This is a synovial joint between the overhanging lateral end of the clavicle and the under-hanging medial border of the acromion. The articulating surfaces are covered (like those of the sternoclavicular joint) by fibrocartilage (so it is an atypical synovial joint).
Ligaments of acromioclavicular joint:
A sleeve like capsule surrounds the articular surfaces; it is not strong, but on top there is a thickening of fibres which constitutes the acromioclavicular ligament. An incomplete disc of fibrocartilage hangs down into the upper part of the joint cavity.
The coracoclavicular ligament, extremely strong, is the principal factor in providing stability to the joint. It consists of two parts, conoid and trapezoid. Examine the clavicle and scapula. The conoid ligament, an inverted cone, extends upwards from the knuckle of the coracoid to a wider attachment around the conoid tubercle, on the under surface of the clavicle. The trapezoid ligament is attached to the ridge of the same name on the upper surface of the coracoid process and extends laterally, in an almost horizontal plane, to the trapezoid ridge on the under surface of the clavicle.

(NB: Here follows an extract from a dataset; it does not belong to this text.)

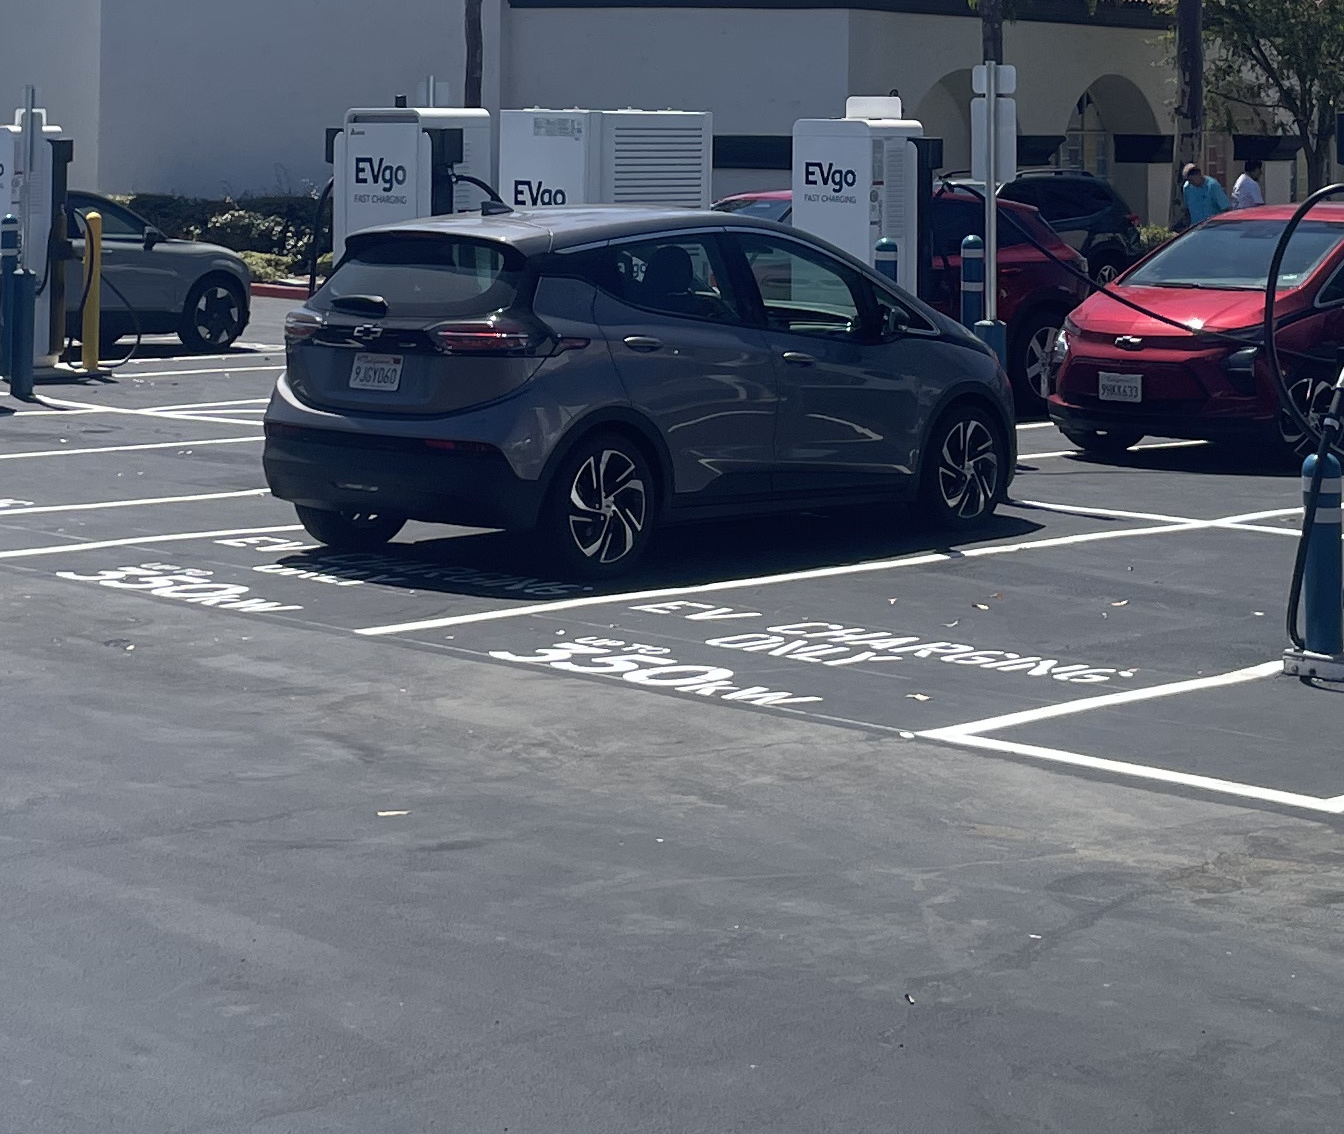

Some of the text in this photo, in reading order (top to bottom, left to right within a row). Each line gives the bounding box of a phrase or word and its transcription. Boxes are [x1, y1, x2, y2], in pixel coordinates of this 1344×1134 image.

Nerve supply of acromioclavicular joint:
Lateral supraclavicular nerves (C4) from the cervical plexus.
Movements of acromioclavicular joint:
These are passive; no muscle connects the bones to move the joint. Muscles which move the scapula cause it to move on the clavicle. Scapular movements on the chest wall fall into three groups:
- Protraction and retraction around the chest wall
- Elevation or depression.
These basic movements can be combined in varying proportions, and each of these transmits, through ligaments, corresponding movements to the clavicle. All movements of the scapula involve movements in the joint at either end of the clavicle.
Horizontally, in protraction and retraction of the tip of the shoulder, the scapula hugs the thoracic wall, held to it by serratus anterior and pectoralis minor. The scapula moves in a circle of a shorter radius (i.e. the radius of the upper thorax) than the length of the clavicle. Hence movement takes place between the acromion and the fibrocartilage. The axis of this movement is vertical and passes through the conoid ligament. The acromion glides to and fro on the tip of the clavicle.
In abduction of the arm the scapula does not retain its position relative to the clavicle but rotates around the conoid ligament as it swings forwards on the chest wall, and movement takes place between the fibrocartilage and the clavicle. The axis of scapular rotation passes through the conoid ligament and the acromioclavicular joint; the scapula swings to and fro like a pendulum below these two fixed points on the clavicle. The total range of scapular rotation on the chest wall is about 60°, but only 20° of this occurs between the scapula and the clavicle. The coracoclavicular ligaments are then taut, and transmit the rotating force to the clavicle, whose rotation then accounts for the remainder of scapular rotation on the chest wall. In both movements at this joint the fulcrum around which the scapula swings is the coracoclavicular ligament.
Elevation (shrugging the shoulders) is produced by the upper fibers of trapezius together with levator scapulae and the rhomboids, mutually neutralizing their rotatory effects. Depression of the scapula is produced by the lower fibres of trapezius and the lateral fibers of latissimus dorsi. Elevation and depression move the medial end of the clavicle (see above), but they scarcely move the acromioclavicular joint.
Stability of acromioclavicular joint:
The stability of the joint is provided by the coracoclavicular ligament. The scapula and upper limb hang suspended from the clavicle by the conoid ligament (assisted by the deltoid, biceps and triceps muscles). Forces transmitted medially from the upper limb to the glenoid cavity are transmitted from scapula to clavicle by the trapezoid ligament and from clavicle to first rib by the costoclavicular ligament. Thus a fall on outstretched hand or elbow puts no strain on either end of the clavicle at the joints. If the clavicle fractures as a result, it always does so between these ligaments. Falls on the shoulder may dislocate the acromioclavicular joint, forcing the acromion under the clavicle and tearing the coracoclavicular ligament.